Identification of radical SAM enzymes responsible for the methylation and desaturation of archaeal lipids and an AttH hydratase mediating hydroxy-GDGT biosynthesis

Lipid biosynthesis in archaea is highly dependent upon radical ( S )-adenosyl methionine (rSAM) enzymes. The formation of their membrane-spanning lipids, known as glycerol dibiphytanyl glycerol tetraethers (GDGTs), is catalyzed by the rSAM tetraether synthase and the subsequent cyclization of their lipid tails is performed by the B12-binding rSAM (B12-rSAM) GDGT ring synthase. Further, GDGT tails are cross-linked by the rSAM GMGT synthase and then methylated by the B12-rSAM GMGT methylase. Here, utilizing three archaeal model organisms – Sulfolobus acidocaldarius , Thermococcus kodakarensis , and Methanosarcina acetivorans – we expand this repertoire of rSAM enzymes further, identifying two B12-rSAM GDGT methylases and a novel B12-rSAM GDGT desaturase. We also extend beyond the rSAM enzyme superfamily, identifying an AttH-like hydratase mediating hydroxy-GDGT (OH-GDGT) biosynthesis. Specifically, we identify two GDGT methylases in S. acidocaldarius and Thermococcus aggregans which possess different substrate specificities.
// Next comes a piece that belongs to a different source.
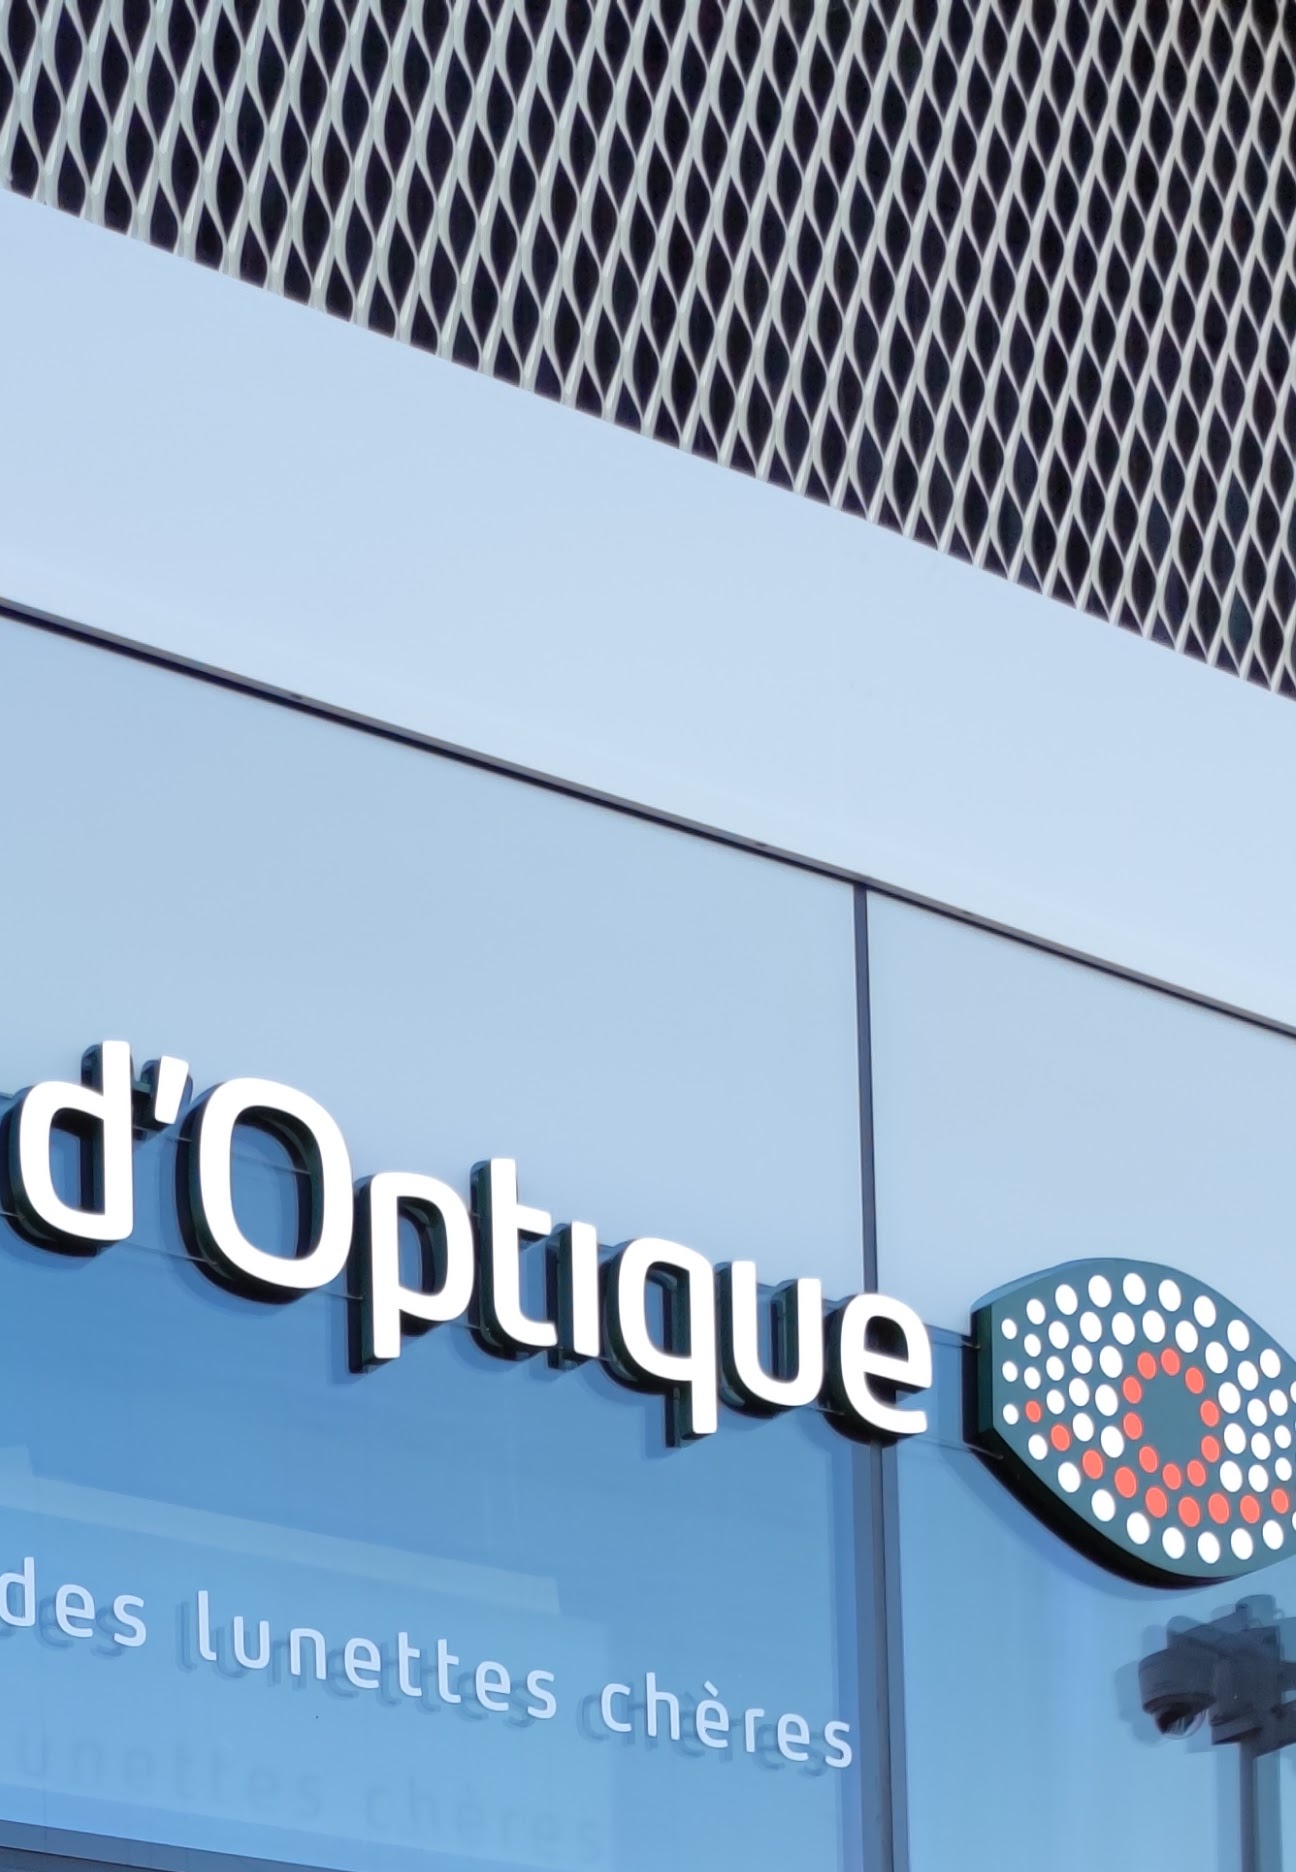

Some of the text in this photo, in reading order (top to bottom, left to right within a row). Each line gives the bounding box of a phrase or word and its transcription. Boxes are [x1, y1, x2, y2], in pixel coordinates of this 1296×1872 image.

[16, 1040, 933, 1436] d'Optique
[197, 1589, 558, 1722] lunettes
[600, 1671, 854, 1770] chères
While GDGT methylation is generally low in archaea, we observe high levels of lipid methylation in response to penicillin G and hexanoic acid amphiphile exposure, suggesting a role for lipid methylation in response to membrane-destabilizing chemical agents. Utilizing heterologous expression in M. acetivorans and T. kodakarensis , we uncover a novel B12-rSAM enzyme from Candidatus Bathyarchaeota B1_G15 with unusual tetraether desaturase (Ted) activity that seemingly reverses previous saturation by geranylgeranyl reductase, anaerobically forming double bonds in the inert hydrocarbon tails of a GDGT. Finally, we show that a non-rSAM AttH-like hydratase, genomically associated with Ted, is a hydroxy-GDGT synthase (Hgs), putatively hydrating the double bond(s) introduced by Ted to form OH-GDGTs. These results highlight the value of exploring the rSAM enzyme landscape of archaea – revealing diverse and novel rSAM enzyme activities amongst homologous proteins that invoke new paradigms such as reversibility in the archaeal lipid biosynthesis pathway.